La surenchère continue sur les capacités des câbles télécoms sous-marins, formant le système nerveux de l’Internet mondial. Alcatel-Lucent a réussi, dans son centre de recherche de Villarceaux (Essonne), des tests de laboratoire permettant d’atteindre un débit de 31 Térabits/s sur 7 200 km sur une seule fibre optique.

Selon l’équipementier télécoms, cette performance offrirait un débit de transmission de données, trois supérieur aux câbles sous-marins de dernière génération. Sur l’échelle des débits, 1 Térabits/s représente 1 000 Gbits/s, soit une énorme capacité de transmission.
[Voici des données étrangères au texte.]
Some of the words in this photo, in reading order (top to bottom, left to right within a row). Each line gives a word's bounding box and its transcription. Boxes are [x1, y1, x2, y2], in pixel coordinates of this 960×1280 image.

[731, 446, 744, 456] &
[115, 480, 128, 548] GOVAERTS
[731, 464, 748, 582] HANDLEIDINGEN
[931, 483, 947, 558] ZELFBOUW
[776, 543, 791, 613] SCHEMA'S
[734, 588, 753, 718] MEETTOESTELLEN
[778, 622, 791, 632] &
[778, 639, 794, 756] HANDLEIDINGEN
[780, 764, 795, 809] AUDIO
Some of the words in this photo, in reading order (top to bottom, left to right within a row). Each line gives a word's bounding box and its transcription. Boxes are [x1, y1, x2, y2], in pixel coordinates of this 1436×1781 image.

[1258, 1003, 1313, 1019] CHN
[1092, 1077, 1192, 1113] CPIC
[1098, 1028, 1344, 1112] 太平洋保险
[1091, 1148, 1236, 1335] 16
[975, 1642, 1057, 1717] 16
Les tests ont consisté à faire propager des fréquences issues de 155 lasers simultanés. Chaque laser acheminait 200 Gbits/s soit le double des systèmes WDM (multiplexage en longueur d’onde) à 100 gigabits par seconde (Gbits/s) actuellement déployés dans les câbles.
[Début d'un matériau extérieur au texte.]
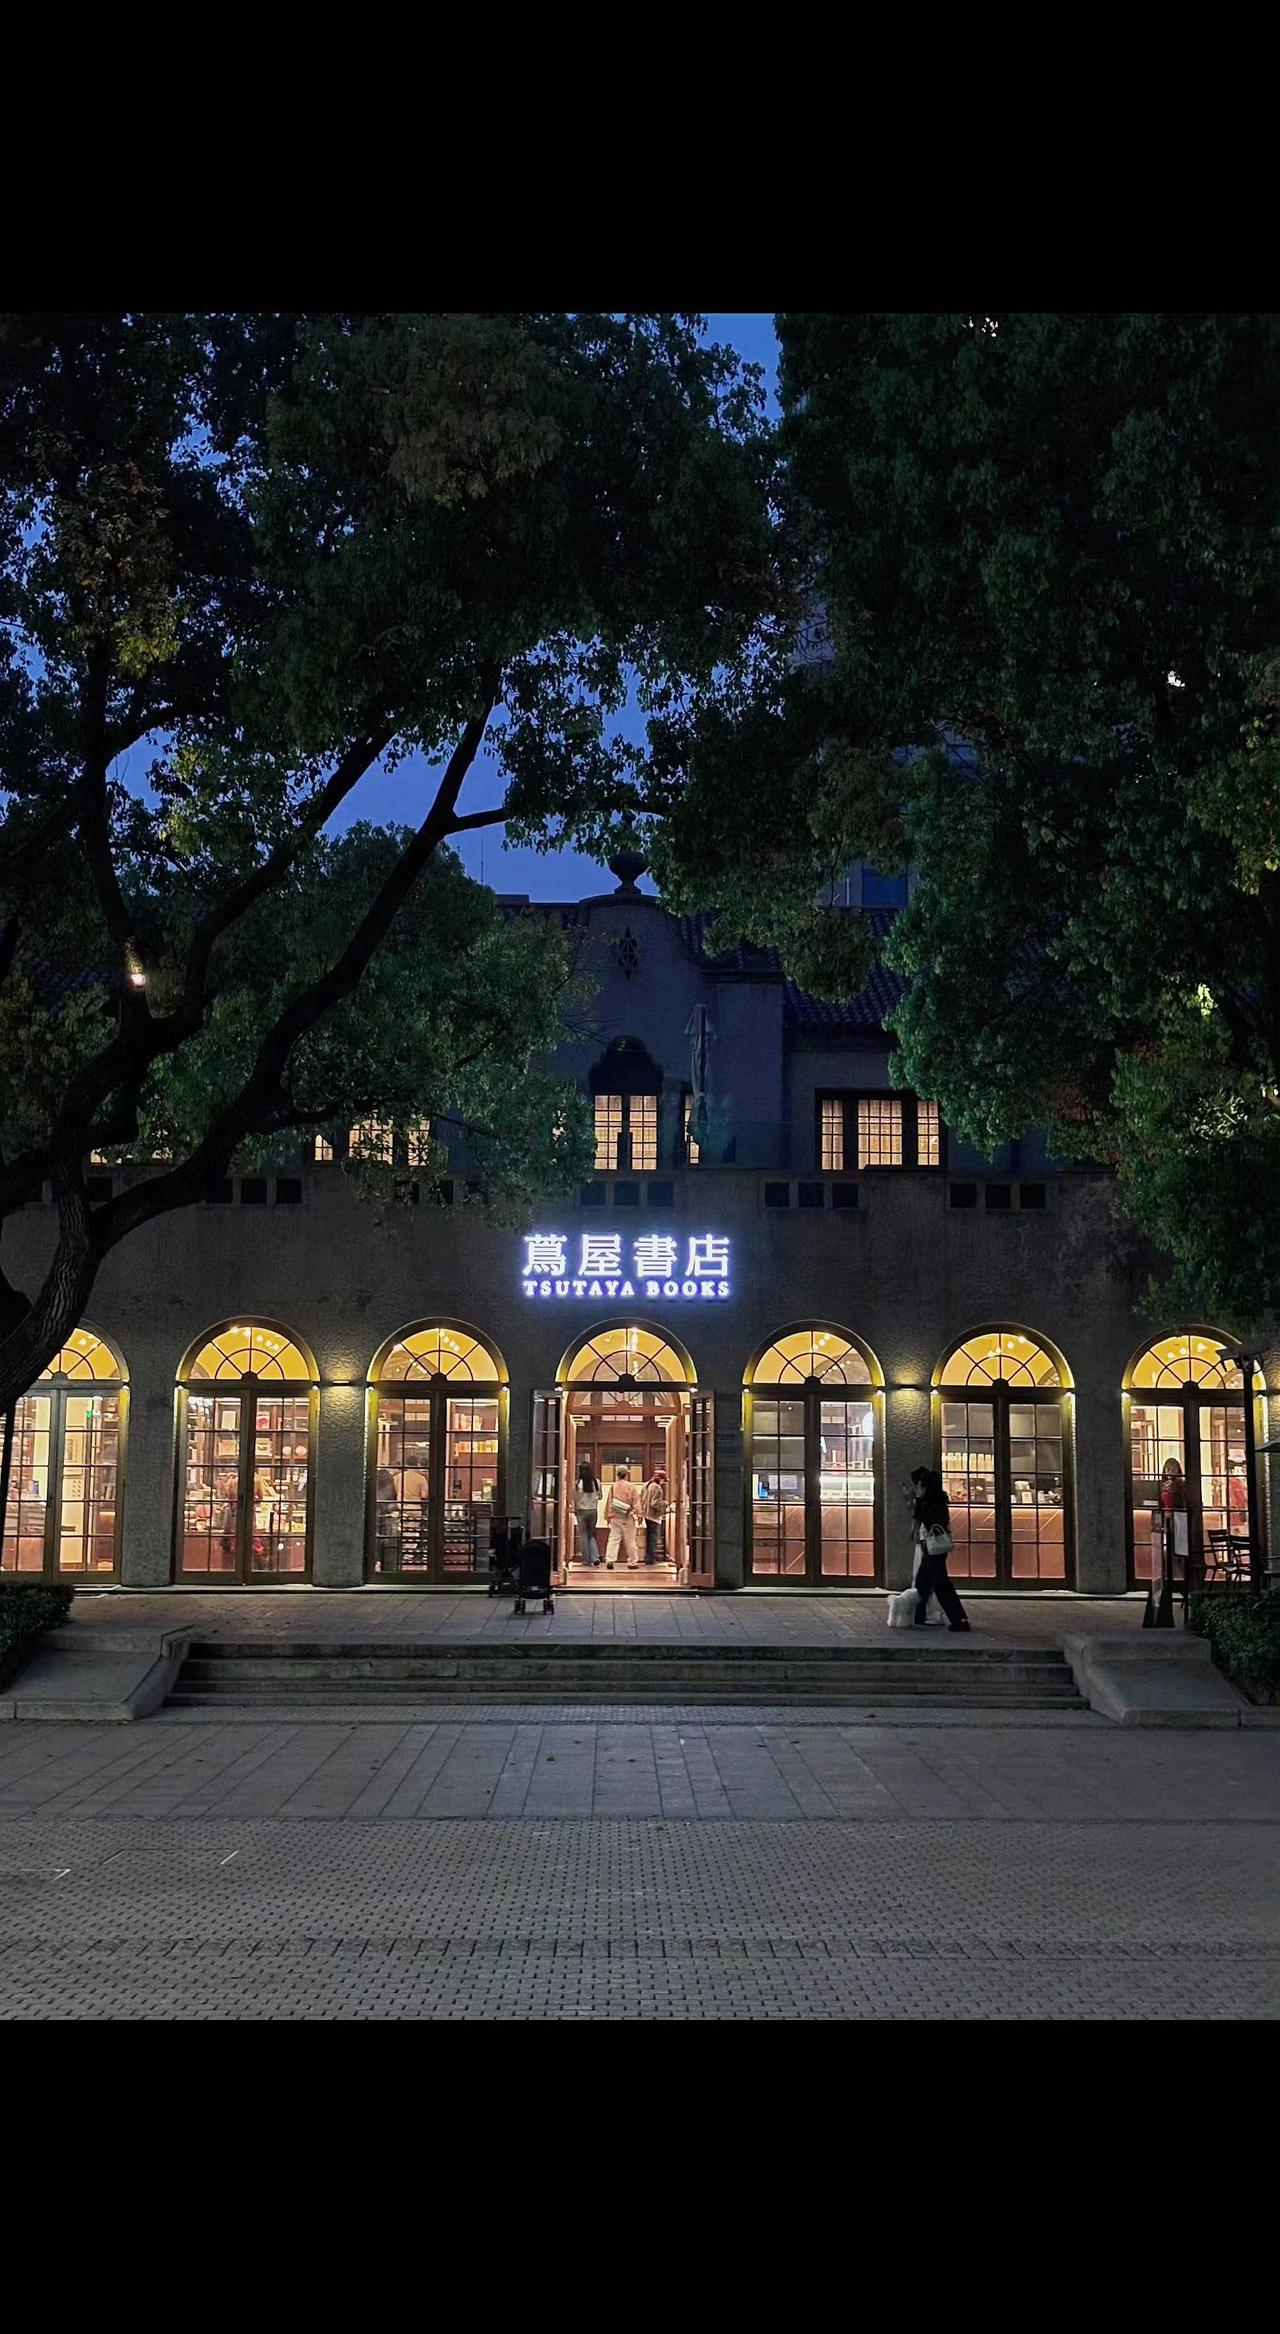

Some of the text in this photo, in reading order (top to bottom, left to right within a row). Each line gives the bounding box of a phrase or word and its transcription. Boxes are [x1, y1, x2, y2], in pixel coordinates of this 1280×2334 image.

[521, 1233, 730, 1277] 蔦屋書店
[522, 1280, 730, 1297] TSUTAYA BOOKS
Cette prouesse technologique a été réalisée avec des amplificateurs optiques placés tous les 100 km.

Philippe Keryer, directeur Stratégie & Innovation d’Alcatel-Lucent, a commenté : « La transmission par fibre optique sous-marine fait partie intégrante de l’économie numérique car elle permet d’acheminer d’énormes quantités de vidéos et de données entre les pays, les régions et les continents »

L’équipementier japonais NEC avait réalisé il y a quelques mois, avec l’opérateur américain Verizon, un test de transmission de 40,5 Térabit/s sur une distance de 1800 km.